Добавить в цитаты Настройки чтения

Страница 17 из 90

Балль тоже заметил всё это, и отмахнулся от беспокойства, как от назойливого пса. Блеск богатств кнорра ослепил его, а юнец — всего лишь юнец, он сделал всё так, как и предполагал Балль, и, хотя у него за спиной маячил великан, в руках были копья, разноцветные глаза и столько спеси, что он даже на Сгоревшего человека посмотрел, не вздрогнув. Балль был разочарован — при виде Каупа северяне всегда облизывали вдруг пересохшие губы, и мальчишка просто обязан был хотя бы моргнуть.

А затем он увидел то, что поначалу посчитал их товаром, и чуть не обделался.
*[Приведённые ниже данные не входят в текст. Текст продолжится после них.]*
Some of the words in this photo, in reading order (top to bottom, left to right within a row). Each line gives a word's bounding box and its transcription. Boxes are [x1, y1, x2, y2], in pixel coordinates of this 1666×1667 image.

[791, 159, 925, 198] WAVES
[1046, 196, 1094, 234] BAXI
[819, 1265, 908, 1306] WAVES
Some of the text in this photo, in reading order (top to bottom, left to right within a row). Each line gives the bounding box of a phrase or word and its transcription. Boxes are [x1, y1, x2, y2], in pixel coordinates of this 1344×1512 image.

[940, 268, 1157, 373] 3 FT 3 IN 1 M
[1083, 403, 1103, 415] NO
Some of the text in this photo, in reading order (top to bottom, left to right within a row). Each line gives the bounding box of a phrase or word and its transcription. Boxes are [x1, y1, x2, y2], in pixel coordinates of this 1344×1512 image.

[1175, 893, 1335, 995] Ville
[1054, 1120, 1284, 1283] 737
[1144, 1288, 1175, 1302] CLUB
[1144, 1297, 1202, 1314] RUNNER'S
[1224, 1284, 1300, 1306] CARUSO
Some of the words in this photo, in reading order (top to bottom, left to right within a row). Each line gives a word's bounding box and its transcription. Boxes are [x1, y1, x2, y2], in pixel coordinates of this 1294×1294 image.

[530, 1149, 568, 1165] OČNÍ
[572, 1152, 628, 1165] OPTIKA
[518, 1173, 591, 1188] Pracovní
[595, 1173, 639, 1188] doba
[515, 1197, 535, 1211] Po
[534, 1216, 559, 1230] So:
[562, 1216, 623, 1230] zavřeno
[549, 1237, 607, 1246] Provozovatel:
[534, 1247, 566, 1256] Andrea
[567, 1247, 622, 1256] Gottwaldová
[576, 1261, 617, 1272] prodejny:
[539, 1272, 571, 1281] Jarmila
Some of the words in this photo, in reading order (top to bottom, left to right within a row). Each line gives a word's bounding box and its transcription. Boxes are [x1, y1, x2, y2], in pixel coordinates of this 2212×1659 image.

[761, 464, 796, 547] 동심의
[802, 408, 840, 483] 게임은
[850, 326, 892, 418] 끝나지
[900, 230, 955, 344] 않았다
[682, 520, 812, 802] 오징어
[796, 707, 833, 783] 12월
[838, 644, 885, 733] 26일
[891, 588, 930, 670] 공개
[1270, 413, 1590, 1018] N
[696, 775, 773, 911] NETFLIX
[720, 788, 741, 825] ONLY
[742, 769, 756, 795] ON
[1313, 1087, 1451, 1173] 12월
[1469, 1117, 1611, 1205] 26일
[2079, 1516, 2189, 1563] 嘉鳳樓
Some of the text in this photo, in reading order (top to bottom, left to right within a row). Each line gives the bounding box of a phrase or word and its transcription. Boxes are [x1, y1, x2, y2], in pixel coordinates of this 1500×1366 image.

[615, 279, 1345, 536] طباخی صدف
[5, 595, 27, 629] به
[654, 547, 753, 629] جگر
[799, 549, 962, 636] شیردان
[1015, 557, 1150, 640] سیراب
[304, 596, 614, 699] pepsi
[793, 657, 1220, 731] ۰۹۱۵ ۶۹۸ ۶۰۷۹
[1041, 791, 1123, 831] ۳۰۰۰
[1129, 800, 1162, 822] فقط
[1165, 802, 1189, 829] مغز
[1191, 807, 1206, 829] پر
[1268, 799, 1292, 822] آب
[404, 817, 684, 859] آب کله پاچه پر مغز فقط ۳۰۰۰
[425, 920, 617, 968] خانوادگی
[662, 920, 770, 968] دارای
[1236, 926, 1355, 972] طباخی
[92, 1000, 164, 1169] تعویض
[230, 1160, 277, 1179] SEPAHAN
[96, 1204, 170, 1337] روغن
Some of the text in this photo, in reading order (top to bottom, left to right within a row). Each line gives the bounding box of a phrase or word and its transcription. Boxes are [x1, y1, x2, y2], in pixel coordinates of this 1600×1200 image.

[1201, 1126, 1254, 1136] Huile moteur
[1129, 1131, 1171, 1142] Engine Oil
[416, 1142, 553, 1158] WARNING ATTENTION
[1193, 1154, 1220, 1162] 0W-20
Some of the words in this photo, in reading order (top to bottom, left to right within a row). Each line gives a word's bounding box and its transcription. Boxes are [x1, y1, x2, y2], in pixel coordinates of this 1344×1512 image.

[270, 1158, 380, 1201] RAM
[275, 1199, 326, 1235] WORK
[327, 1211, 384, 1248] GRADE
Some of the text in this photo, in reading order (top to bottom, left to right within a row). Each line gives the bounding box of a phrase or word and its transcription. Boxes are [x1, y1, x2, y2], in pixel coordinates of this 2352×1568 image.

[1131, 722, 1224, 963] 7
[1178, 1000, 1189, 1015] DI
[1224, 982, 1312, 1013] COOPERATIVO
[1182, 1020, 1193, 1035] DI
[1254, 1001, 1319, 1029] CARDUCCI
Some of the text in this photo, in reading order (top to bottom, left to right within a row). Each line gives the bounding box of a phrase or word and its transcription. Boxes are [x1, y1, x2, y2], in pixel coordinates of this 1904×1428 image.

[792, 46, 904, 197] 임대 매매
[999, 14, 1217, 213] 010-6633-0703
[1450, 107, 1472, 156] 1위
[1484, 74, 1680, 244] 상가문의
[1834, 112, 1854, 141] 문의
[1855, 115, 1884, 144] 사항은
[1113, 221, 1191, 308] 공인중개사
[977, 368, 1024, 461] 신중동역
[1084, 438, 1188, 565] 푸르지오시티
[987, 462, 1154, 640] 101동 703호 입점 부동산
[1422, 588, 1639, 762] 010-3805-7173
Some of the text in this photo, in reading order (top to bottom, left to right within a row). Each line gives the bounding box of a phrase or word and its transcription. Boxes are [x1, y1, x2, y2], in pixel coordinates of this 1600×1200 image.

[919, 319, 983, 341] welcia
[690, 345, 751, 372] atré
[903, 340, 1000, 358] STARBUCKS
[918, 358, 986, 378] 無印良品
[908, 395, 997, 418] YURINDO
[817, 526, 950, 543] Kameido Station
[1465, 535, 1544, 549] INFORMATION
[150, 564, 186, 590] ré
Оцепенев, Балль едва не рухнул на месте.

Потому что они несли вовсе не какие-то товары, а Гриму.

Мар и Кауп заворчали, зрелище настолько потрясло остальных Красных Братьев, что они вздрогнули, словно от брошенного камня по воде пробежала рябь. Грима, который как они полагали, утонул, вернулся, он восседал на кресле, которое несли вооруженные до зубов воины, его охранял великан, а перед ним шествовал...

— Принц Олаф, сын Трюггви, — громко представился юнец. — Я пришел, чтобы поддержать рухнувшие с небес опоры власти Гримы. Пришел вернуть ему законное место среди тех, кто попытался его подло убить.

Вот это была настоящая удача для тех, кто умел распознать ее. Грима упал в море, не имея за душой ничего, кроме рубахи, и вот он, вышел сухим из воды, вместе с принцем и воинами под своей командой.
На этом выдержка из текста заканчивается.